Action item: Each line below must be reproduced exactly as it stands. Pictures stay out of the copy.

Study material:
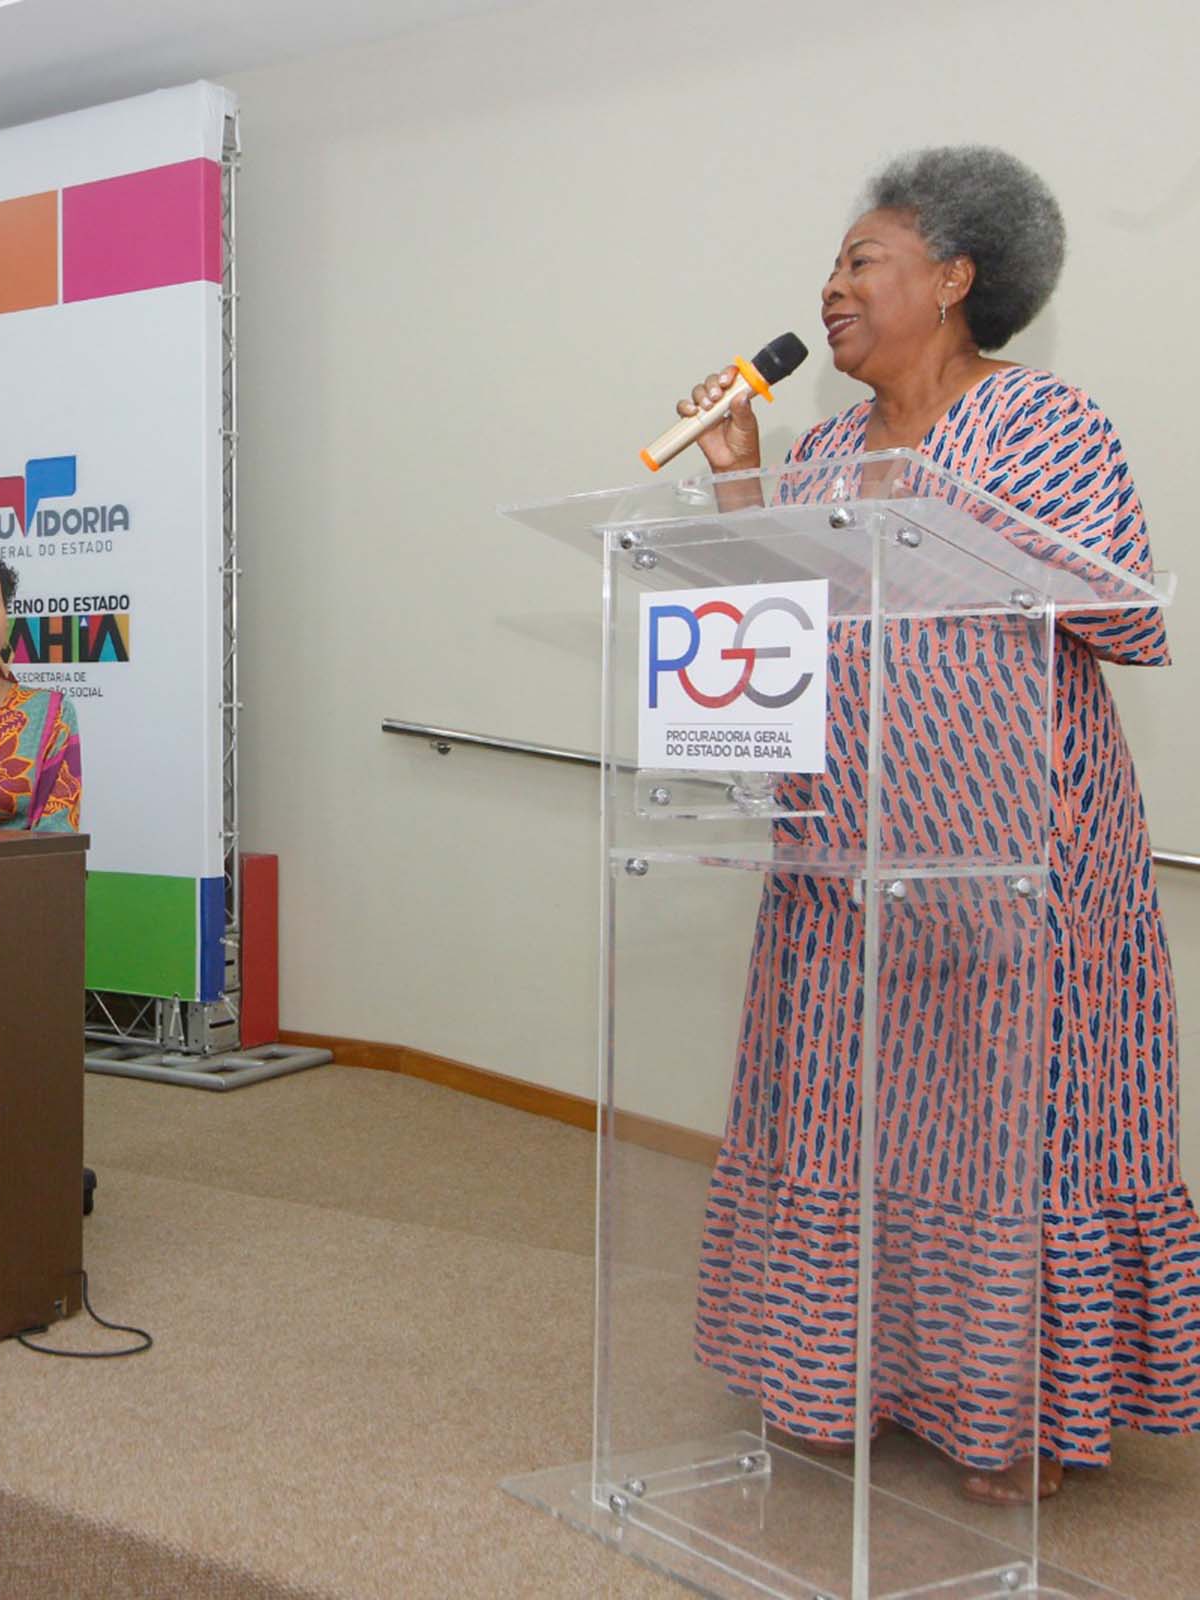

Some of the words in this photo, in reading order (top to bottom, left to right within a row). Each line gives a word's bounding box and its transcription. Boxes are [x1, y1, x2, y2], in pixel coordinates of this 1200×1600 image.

[39, 543, 56, 557] DO
[61, 539, 113, 555] ESTADO
[6, 598, 44, 615] ERNO
[48, 597, 69, 613] DO
[73, 594, 130, 612] ESTADO
[7, 613, 130, 664] AHIA
[648, 597, 815, 709] PGE
[16, 672, 72, 683] SECRETARIA
[73, 671, 87, 682] DE
[69, 686, 104, 698] SOCIAL
[666, 730, 752, 743] PROCURADORIA
[753, 731, 792, 743] GERAL
[665, 744, 684, 757] DO
[686, 744, 732, 758] ESTADO
[734, 745, 751, 759] DA
[753, 745, 792, 759] BAHIA

Exercise output:
Some of the words in this photo, in reading order (top to bottom, left to right within a row). Each line gives a word's bounding box and its transcription. Boxes are [x1, y1, x2, y2], in pixel coordinates of this 1200×1600 image.

[39, 543, 56, 557] DO
[61, 539, 113, 555] ESTADO
[6, 598, 44, 615] ERNO
[48, 597, 69, 613] DO
[73, 594, 130, 612] ESTADO
[7, 613, 130, 664] AHIA
[648, 597, 815, 709] PGE
[16, 672, 72, 683] SECRETARIA
[73, 671, 87, 682] DE
[69, 686, 104, 698] SOCIAL
[666, 730, 752, 743] PROCURADORIA
[753, 731, 792, 743] GERAL
[665, 744, 684, 757] DO
[686, 744, 732, 758] ESTADO
[734, 745, 751, 759] DA
[753, 745, 792, 759] BAHIA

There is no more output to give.